Exporting can be a great way for small businesses to grow their operations, but before jumping into a foreign market, experts say there are a few things to consider.
A thorough review of a foreign market’s business climate and customs should be the first step in going international, said April Redmon, a trade specialist at the Northern Virginia U.S. Export Assistance Center. She recommends checking out Web sites such as Export.gov for information on regulations and compliance. Once that research is completed, developing a marketing plan is key.
Redmon encourages companies to reach out to embassies to help identify and vet distributors. A majority of embassies also have commerce bureaus to establish trading partnerships with U.S. companies interested in exporting or importing.
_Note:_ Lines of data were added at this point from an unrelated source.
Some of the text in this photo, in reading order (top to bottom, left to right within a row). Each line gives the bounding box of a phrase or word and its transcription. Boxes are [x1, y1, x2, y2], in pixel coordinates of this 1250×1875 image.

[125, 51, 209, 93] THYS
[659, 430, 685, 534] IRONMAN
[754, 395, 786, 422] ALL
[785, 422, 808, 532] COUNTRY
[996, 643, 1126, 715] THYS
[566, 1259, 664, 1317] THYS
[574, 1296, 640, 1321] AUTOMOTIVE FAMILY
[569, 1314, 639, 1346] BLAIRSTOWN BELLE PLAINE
Attorney Enrique Gomez-Pinzon of Holland & Knight recommends companies draft contracts that include an international arbitration clause. That way, if anything goes wrong down the road, they can take their grievances to an impartial third party.
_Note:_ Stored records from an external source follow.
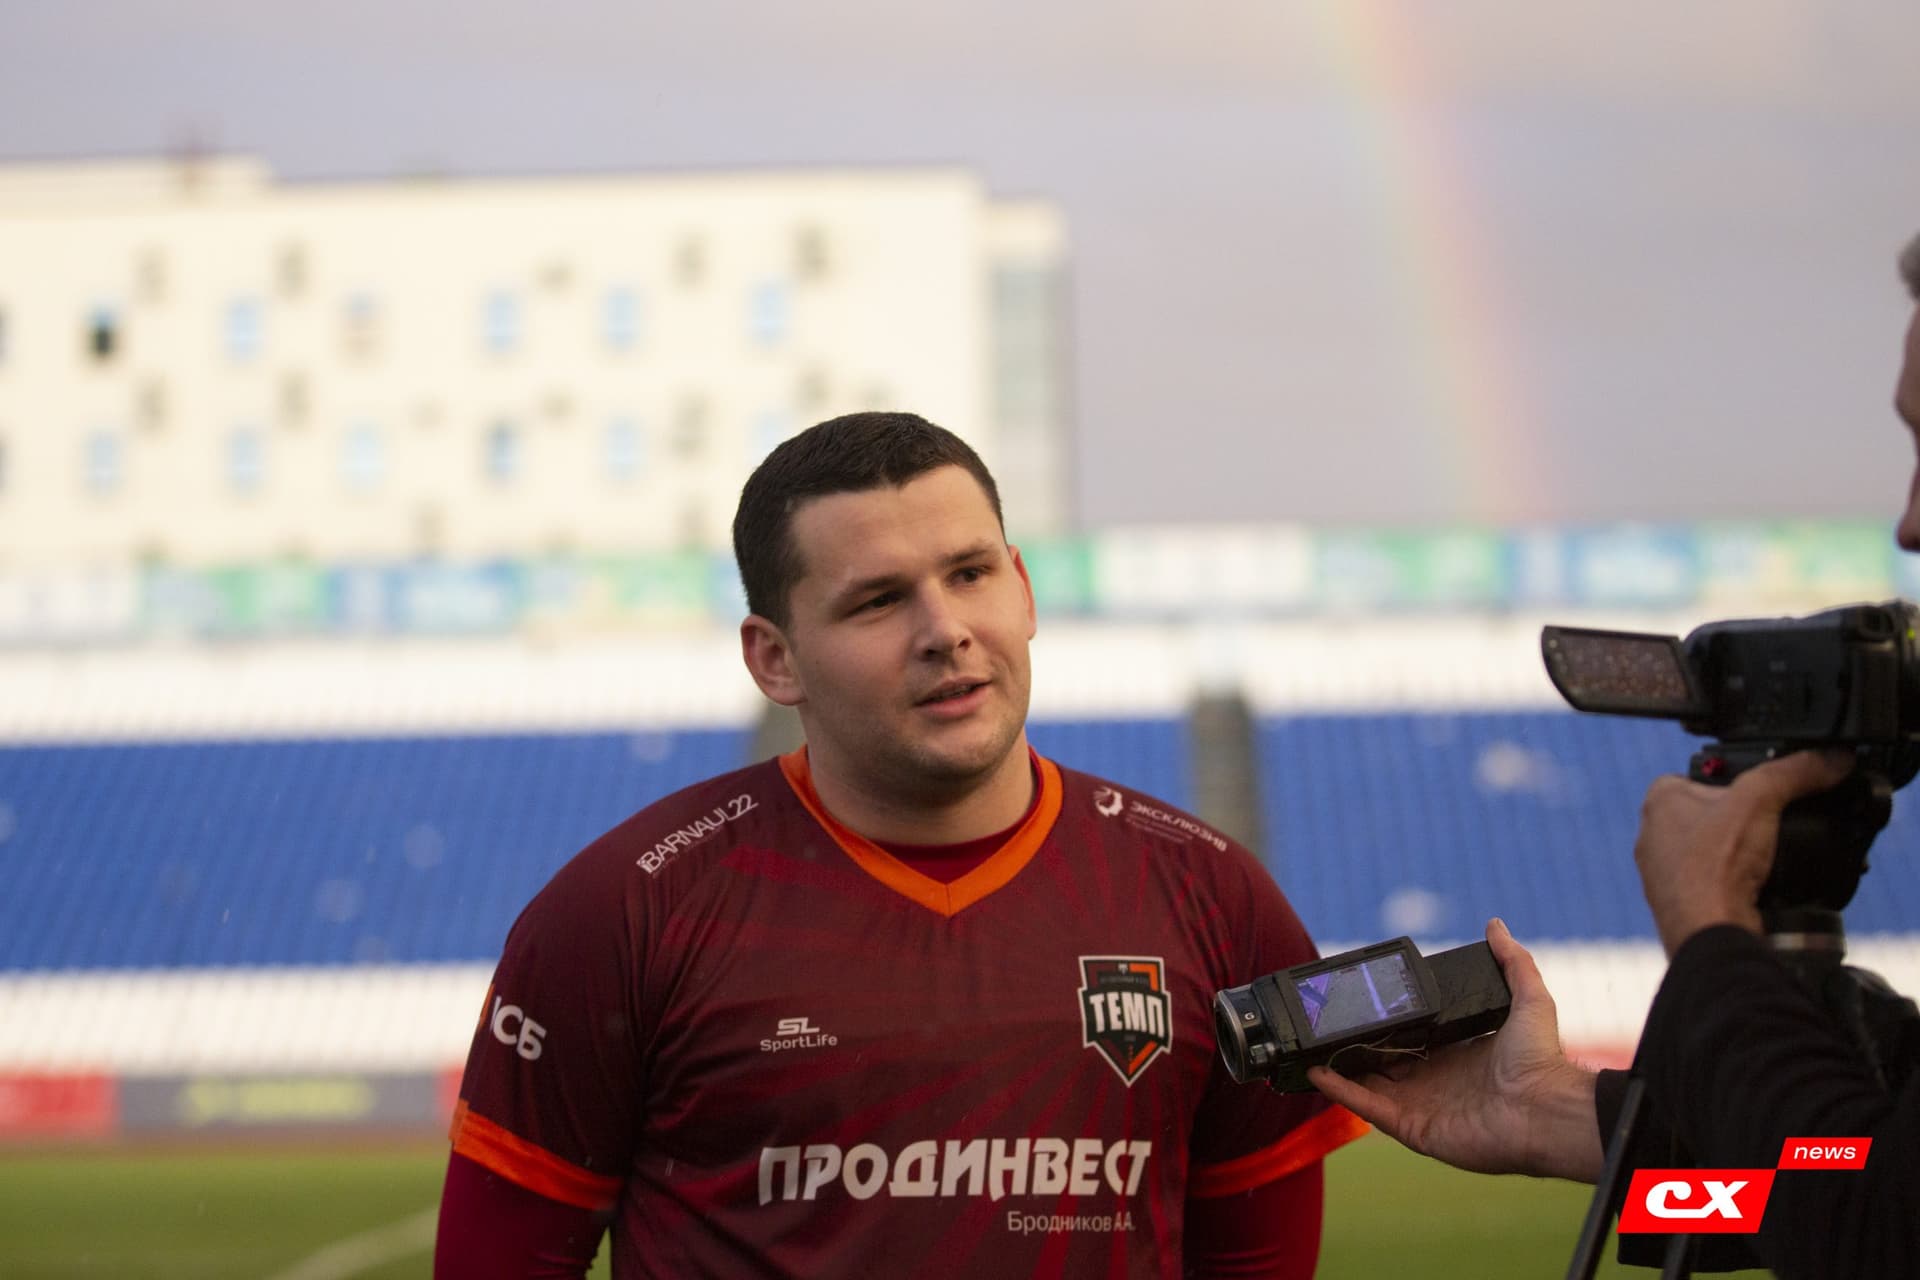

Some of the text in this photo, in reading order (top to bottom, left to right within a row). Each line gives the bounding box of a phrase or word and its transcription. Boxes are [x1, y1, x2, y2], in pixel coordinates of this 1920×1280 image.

[490, 996, 547, 1061] СБ
[1089, 991, 1165, 1038] ТЕМП
[760, 1034, 838, 1053] SportLife
[758, 1138, 1152, 1206] ПРОДИНВЕСТ
[1007, 1210, 1112, 1237] Бродников
Gomez-Pinzon said companies should understand the difference between a distribution and an agency agreement. In Latin America, for instance, “agents” have stronger protections from being terminated without cause, while “distributors” do not.
The attorney advises businesses to have a comprehensive understanding of the nuances of foreign currencies, especially the right to repatriate profits. Some countries, he said, require foreign companies to hold investments for a period of time before selling.